## Task directions
Reprint each record exactly. Pictures are not reprinted.

[Opening Records to use section]

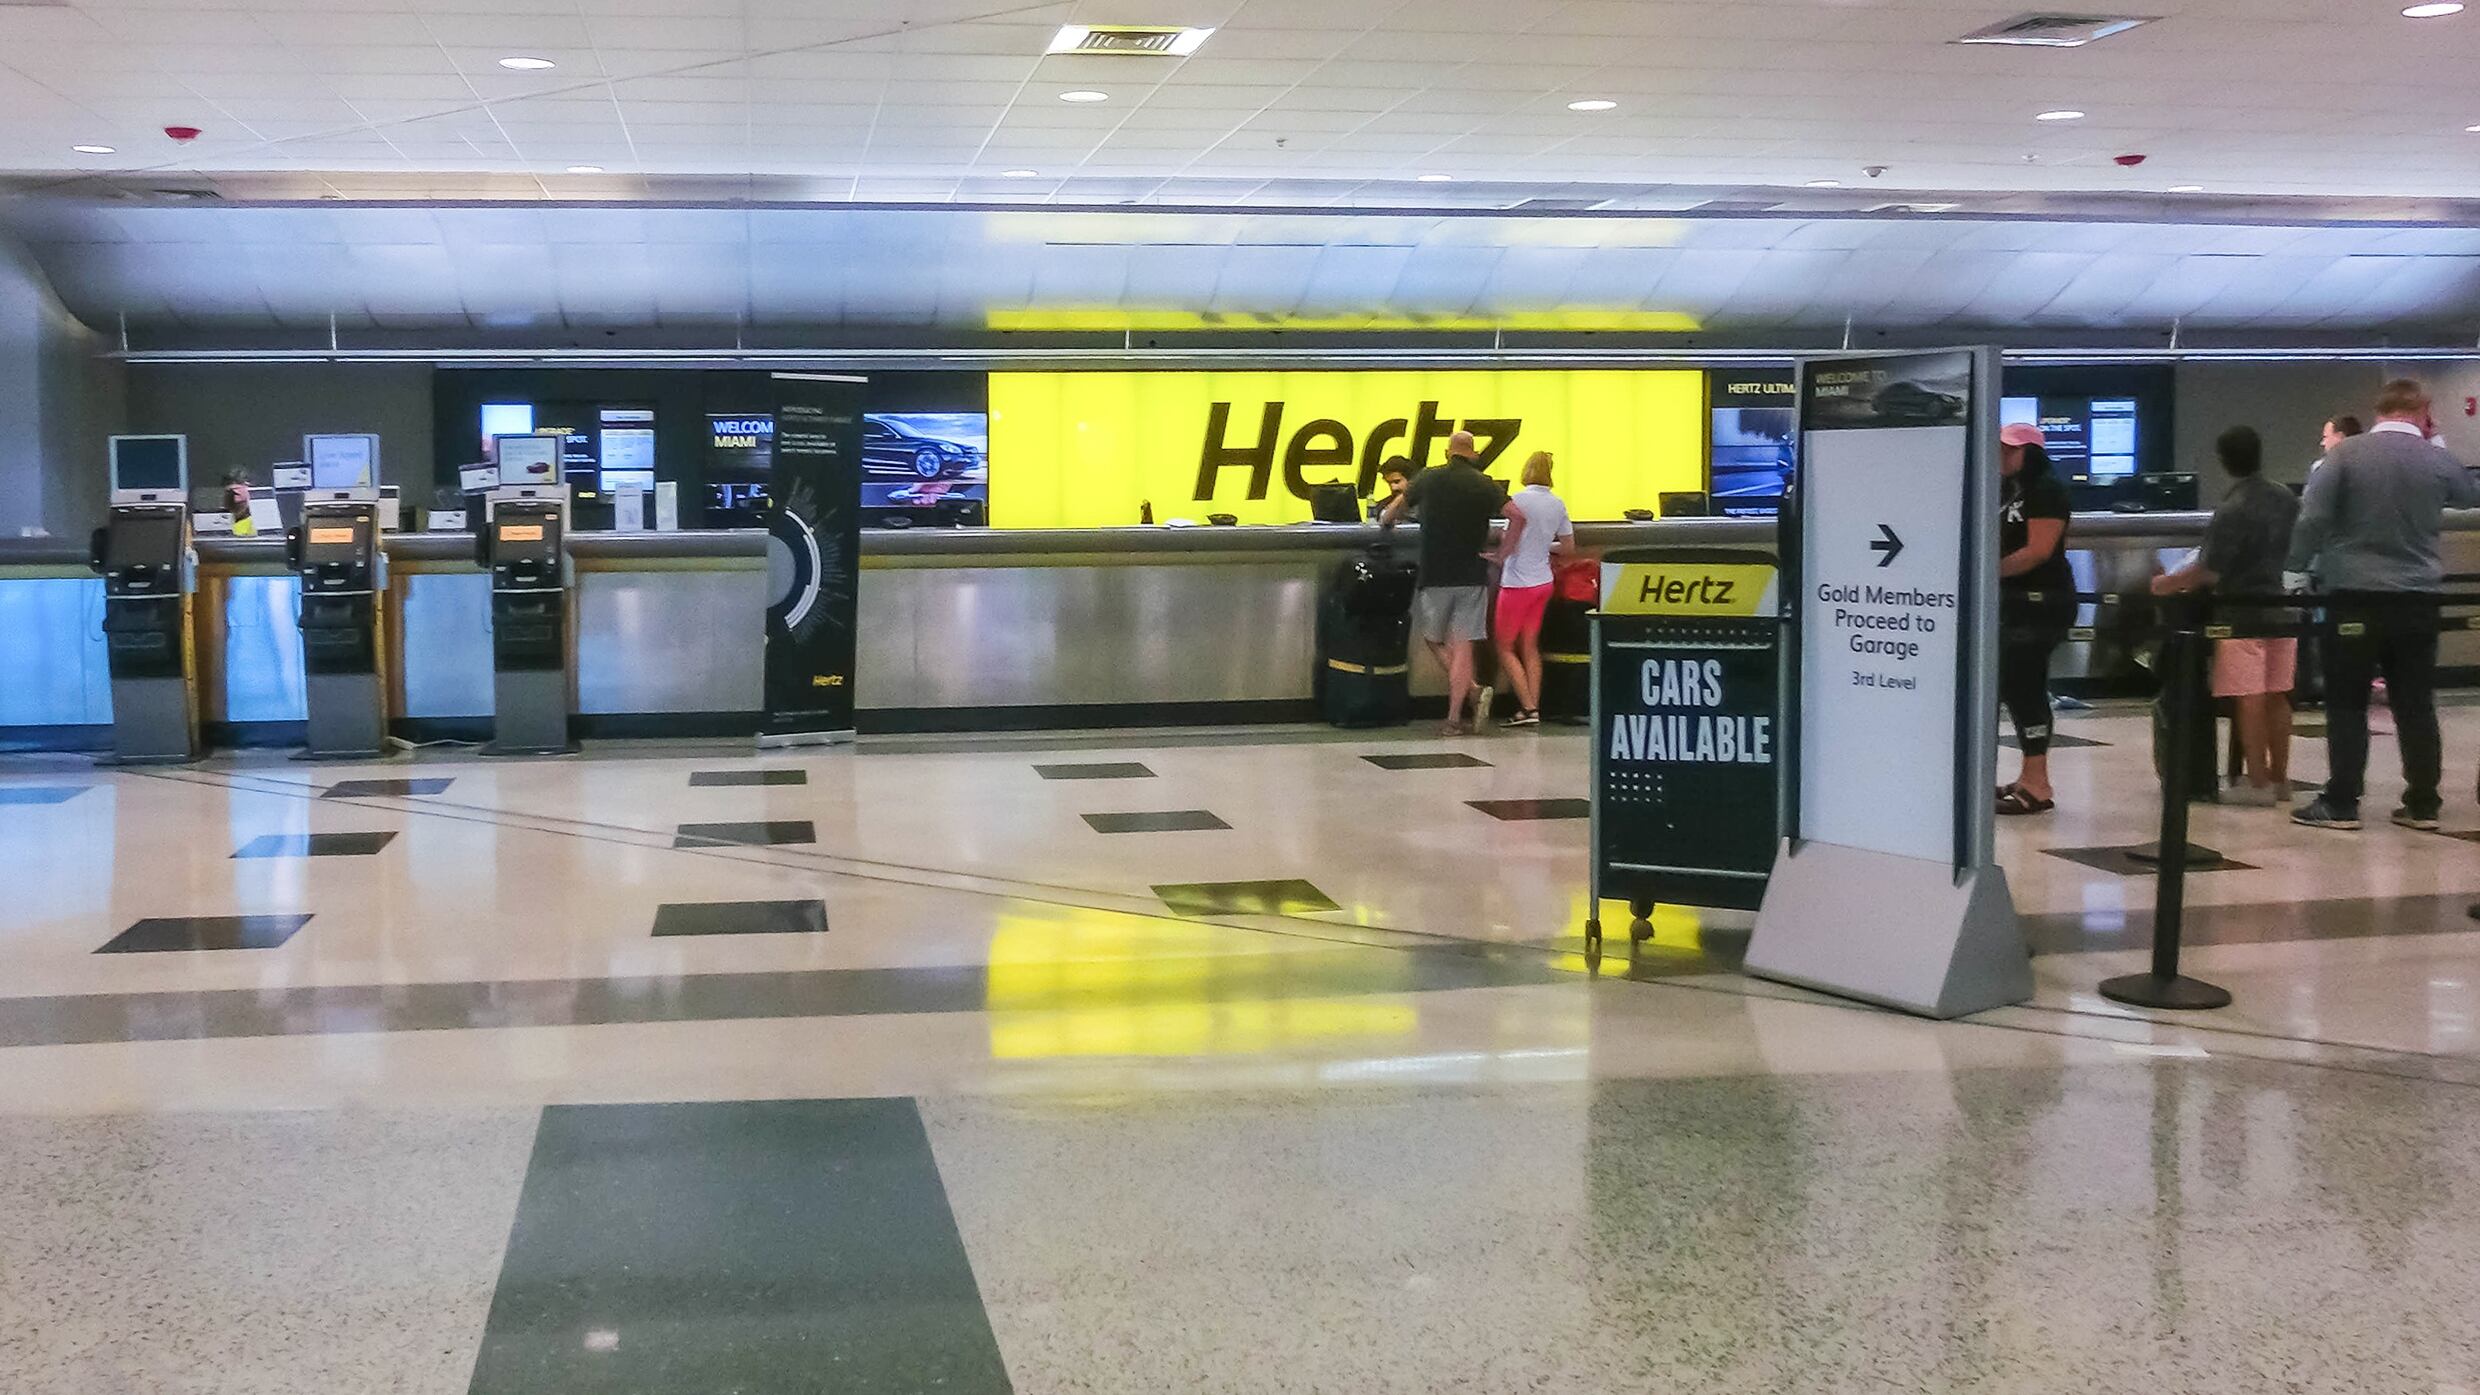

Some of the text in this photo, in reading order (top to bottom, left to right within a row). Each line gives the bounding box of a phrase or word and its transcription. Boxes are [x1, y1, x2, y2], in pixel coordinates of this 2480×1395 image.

[1728, 384, 1760, 394] HERTZ
[1815, 385, 1849, 397] MIAMI
[714, 436, 756, 447] MIAMI
[1192, 401, 1521, 500] Hertz
[1640, 575, 1735, 604] Hertz
[1817, 583, 1955, 608] Gold Members
[1835, 608, 1936, 632] Proceed to
[1850, 634, 1919, 660] Garage
[812, 675, 843, 686] Hertz
[1641, 659, 1722, 707] CARS
[1852, 671, 1916, 690] 3rd Level
[1610, 714, 1771, 763] AVAILABLE
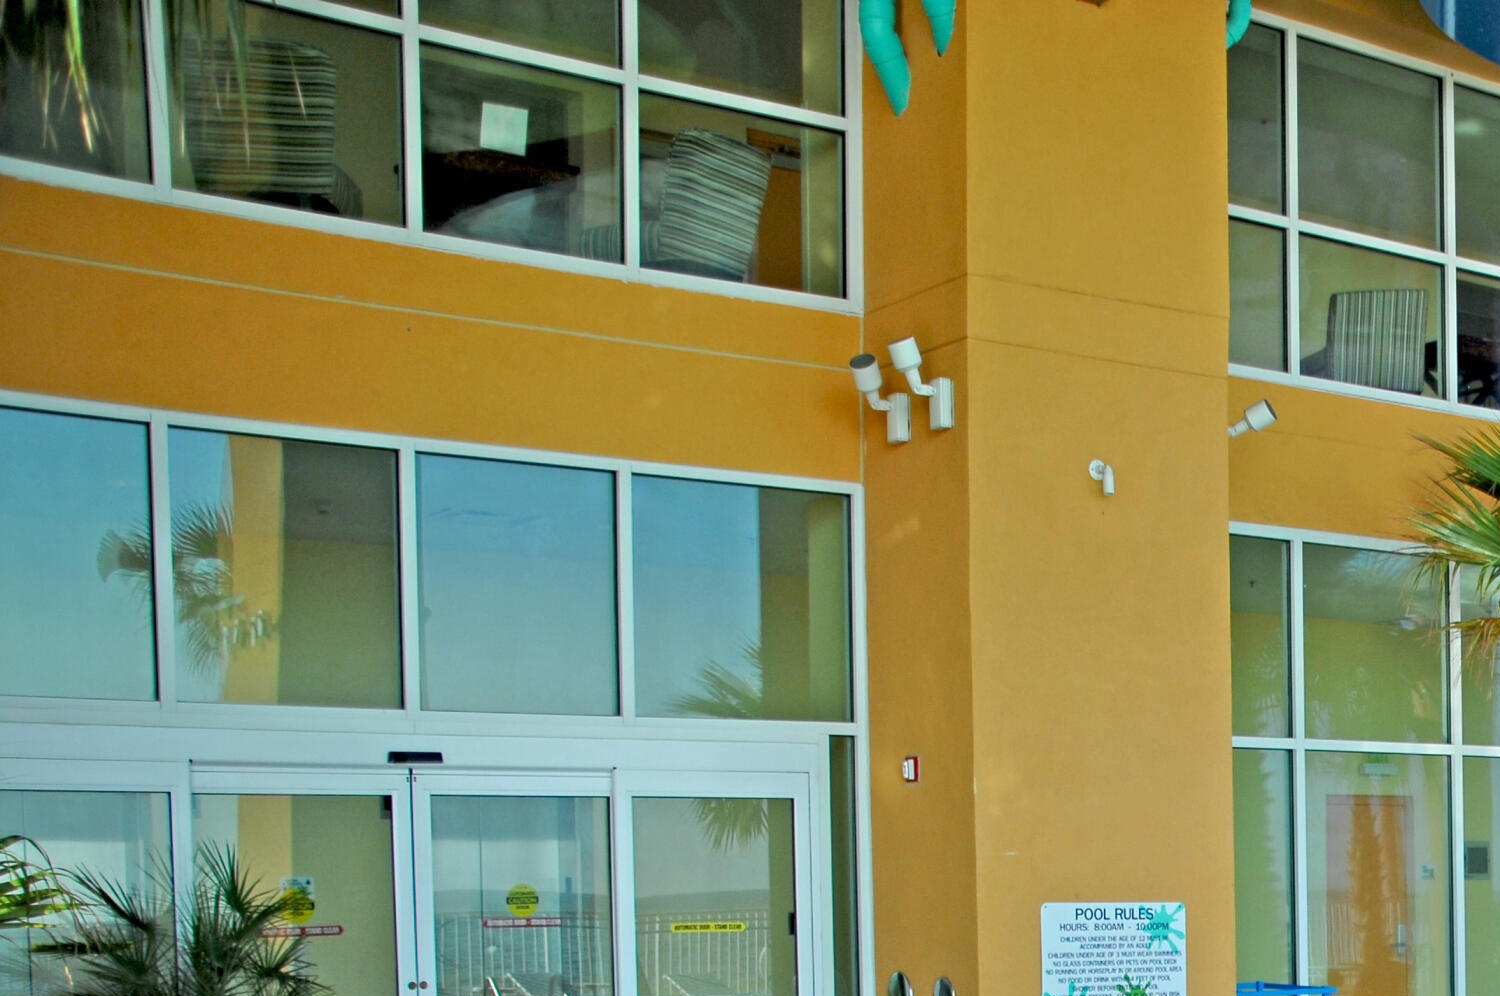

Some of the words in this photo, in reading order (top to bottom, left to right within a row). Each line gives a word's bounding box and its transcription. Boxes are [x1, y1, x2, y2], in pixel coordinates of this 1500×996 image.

[Closing Records to use section]

## Completed exercise
Some of the text in this photo, in reading order (top to bottom, left to right within a row). Each line gives the bounding box of a phrase or word and its transcription. Boxes are [x1, y1, x2, y2], in pixel coordinates of this 2480×1395 image.

[1728, 384, 1760, 394] HERTZ
[1815, 385, 1849, 397] MIAMI
[714, 436, 756, 447] MIAMI
[1192, 401, 1521, 500] Hertz
[1640, 575, 1735, 604] Hertz
[1817, 583, 1955, 608] Gold Members
[1835, 608, 1936, 632] Proceed to
[1850, 634, 1919, 660] Garage
[812, 675, 843, 686] Hertz
[1641, 659, 1722, 707] CARS
[1852, 671, 1916, 690] 3rd Level
[1610, 714, 1771, 763] AVAILABLE

Some of the words in this photo, in reading order (top to bottom, left to right within a row). Each line gives a word's bounding box and its transcription. Boxes are [x1, y1, x2, y2], in pixel coordinates of this 1500×996 image.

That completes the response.